When copying the records below, keep every word as it is and drop the images.

** Data for this exercise follows **

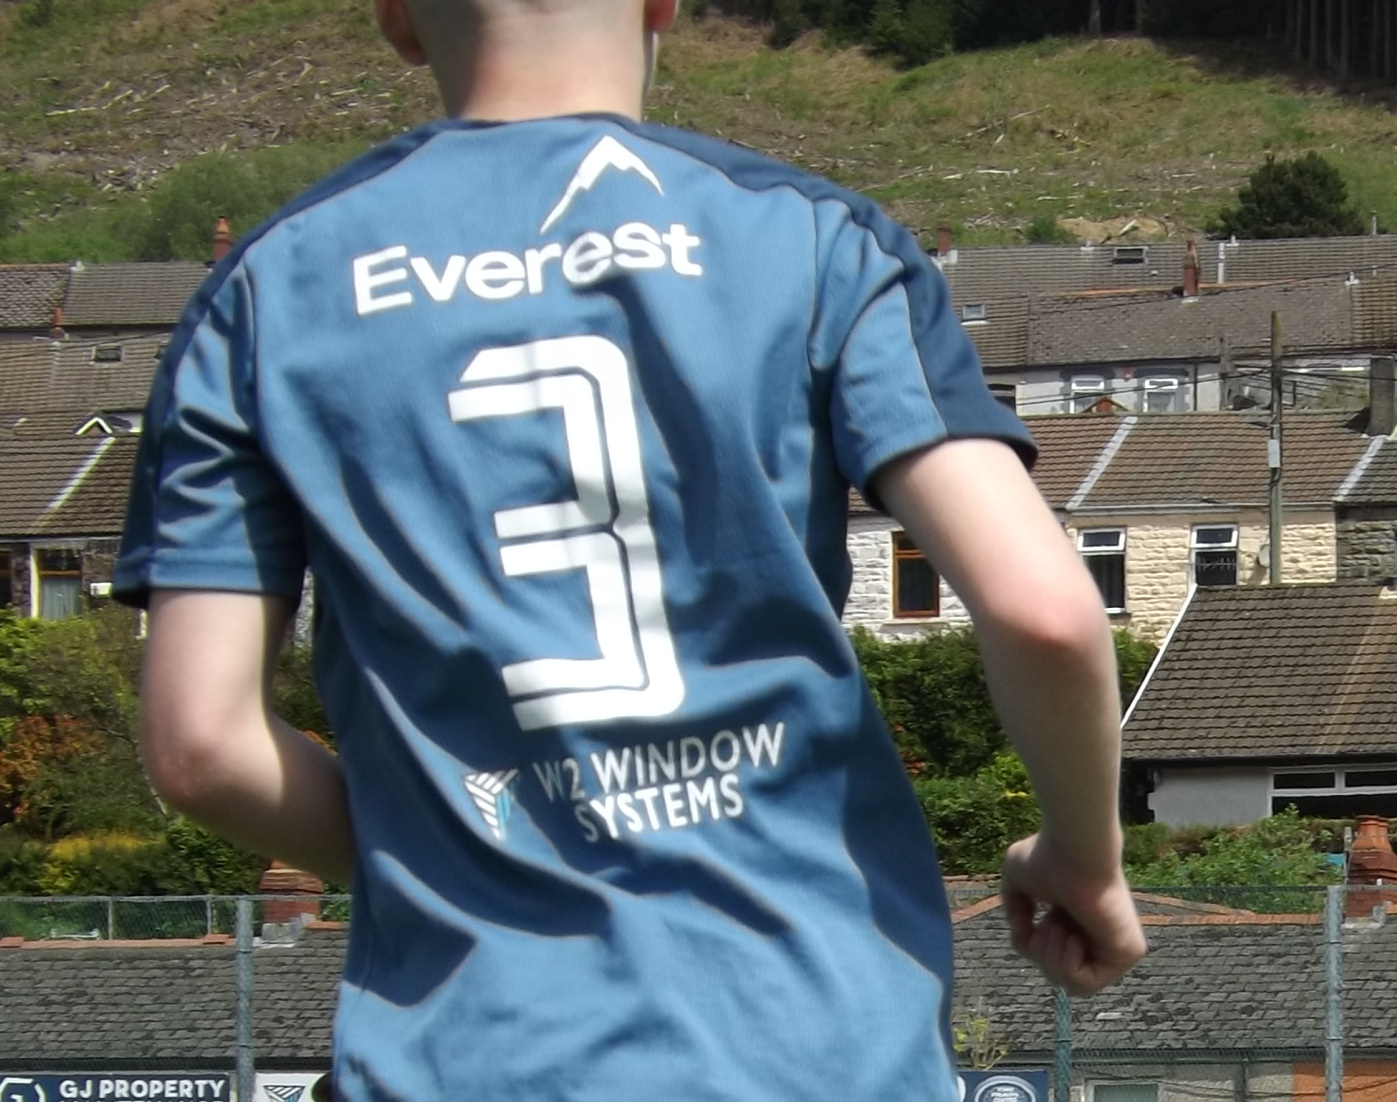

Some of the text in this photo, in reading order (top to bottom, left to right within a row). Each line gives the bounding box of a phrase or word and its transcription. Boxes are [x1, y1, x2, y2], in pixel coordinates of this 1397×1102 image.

[353, 222, 703, 316] Everest
[448, 335, 685, 731] 3
[532, 722, 785, 802] W2 WINDOW
[575, 776, 746, 842] SYSTEMS
[59, 1079, 225, 1099] GJ PROPERTY

** End of Data for this exercise **

> _Solved exercise_:
Some of the text in this photo, in reading order (top to bottom, left to right within a row). Each line gives the bounding box of a phrase or word and its transcription. Boxes are [x1, y1, x2, y2], in pixel coordinates of this 1397×1102 image.

[353, 222, 703, 316] Everest
[448, 335, 685, 731] 3
[532, 722, 785, 802] W2 WINDOW
[575, 776, 746, 842] SYSTEMS
[59, 1079, 225, 1099] GJ PROPERTY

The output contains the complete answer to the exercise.